**What to work on**. The entries that follow are to be duplicated in full, character for character.

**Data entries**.
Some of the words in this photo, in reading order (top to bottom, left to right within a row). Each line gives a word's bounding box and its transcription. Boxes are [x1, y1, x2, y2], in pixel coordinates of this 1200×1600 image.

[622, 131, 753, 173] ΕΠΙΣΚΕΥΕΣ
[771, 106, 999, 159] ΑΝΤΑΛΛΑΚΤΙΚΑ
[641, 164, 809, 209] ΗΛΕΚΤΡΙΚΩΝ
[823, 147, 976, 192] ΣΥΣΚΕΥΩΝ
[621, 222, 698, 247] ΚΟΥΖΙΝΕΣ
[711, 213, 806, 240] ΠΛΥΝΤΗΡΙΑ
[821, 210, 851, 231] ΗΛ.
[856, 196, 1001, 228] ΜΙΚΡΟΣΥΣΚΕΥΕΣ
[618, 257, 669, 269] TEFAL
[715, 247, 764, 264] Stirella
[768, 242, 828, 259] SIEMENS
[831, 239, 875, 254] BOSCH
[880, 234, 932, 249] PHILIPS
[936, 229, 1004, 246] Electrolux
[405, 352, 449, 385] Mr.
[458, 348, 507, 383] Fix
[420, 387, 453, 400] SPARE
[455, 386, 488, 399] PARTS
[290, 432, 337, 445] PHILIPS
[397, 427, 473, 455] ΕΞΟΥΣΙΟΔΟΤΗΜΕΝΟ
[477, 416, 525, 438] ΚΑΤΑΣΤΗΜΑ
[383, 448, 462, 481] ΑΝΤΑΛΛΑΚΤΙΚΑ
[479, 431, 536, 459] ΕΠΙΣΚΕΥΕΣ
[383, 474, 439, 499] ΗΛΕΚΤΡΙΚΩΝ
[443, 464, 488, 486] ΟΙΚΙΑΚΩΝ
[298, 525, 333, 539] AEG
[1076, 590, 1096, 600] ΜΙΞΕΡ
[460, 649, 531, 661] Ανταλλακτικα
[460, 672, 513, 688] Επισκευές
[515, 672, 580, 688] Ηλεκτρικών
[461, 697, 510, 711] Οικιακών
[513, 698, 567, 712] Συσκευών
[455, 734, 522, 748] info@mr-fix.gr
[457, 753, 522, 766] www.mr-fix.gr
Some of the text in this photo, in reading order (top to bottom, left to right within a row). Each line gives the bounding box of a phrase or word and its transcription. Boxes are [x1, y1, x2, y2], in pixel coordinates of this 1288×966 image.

**Answer for this exercise**.
Some of the words in this photo, in reading order (top to bottom, left to right within a row). Each line gives a word's bounding box and its transcription. Boxes are [x1, y1, x2, y2], in pixel coordinates of this 1200×1600 image.

[622, 131, 753, 173] ΕΠΙΣΚΕΥΕΣ
[771, 106, 999, 159] ΑΝΤΑΛΛΑΚΤΙΚΑ
[641, 164, 809, 209] ΗΛΕΚΤΡΙΚΩΝ
[823, 147, 976, 192] ΣΥΣΚΕΥΩΝ
[621, 222, 698, 247] ΚΟΥΖΙΝΕΣ
[711, 213, 806, 240] ΠΛΥΝΤΗΡΙΑ
[821, 210, 851, 231] ΗΛ.
[856, 196, 1001, 228] ΜΙΚΡΟΣΥΣΚΕΥΕΣ
[618, 257, 669, 269] TEFAL
[715, 247, 764, 264] Stirella
[768, 242, 828, 259] SIEMENS
[831, 239, 875, 254] BOSCH
[880, 234, 932, 249] PHILIPS
[936, 229, 1004, 246] Electrolux
[405, 352, 449, 385] Mr.
[458, 348, 507, 383] Fix
[420, 387, 453, 400] SPARE
[455, 386, 488, 399] PARTS
[290, 432, 337, 445] PHILIPS
[397, 427, 473, 455] ΕΞΟΥΣΙΟΔΟΤΗΜΕΝΟ
[477, 416, 525, 438] ΚΑΤΑΣΤΗΜΑ
[383, 448, 462, 481] ΑΝΤΑΛΛΑΚΤΙΚΑ
[479, 431, 536, 459] ΕΠΙΣΚΕΥΕΣ
[383, 474, 439, 499] ΗΛΕΚΤΡΙΚΩΝ
[443, 464, 488, 486] ΟΙΚΙΑΚΩΝ
[298, 525, 333, 539] AEG
[1076, 590, 1096, 600] ΜΙΞΕΡ
[460, 649, 531, 661] Ανταλλακτικα
[460, 672, 513, 688] Επισκευές
[515, 672, 580, 688] Ηλεκτρικών
[461, 697, 510, 711] Οικιακών
[513, 698, 567, 712] Συσκευών
[455, 734, 522, 748] info@mr-fix.gr
[457, 753, 522, 766] www.mr-fix.gr
Some of the text in this photo, in reading order (top to bottom, left to right within a row). Each line gives the bounding box of a phrase or word and its transcription. Boxes are [x1, y1, x2, y2], in pixel coordinates of this 1288×966 image.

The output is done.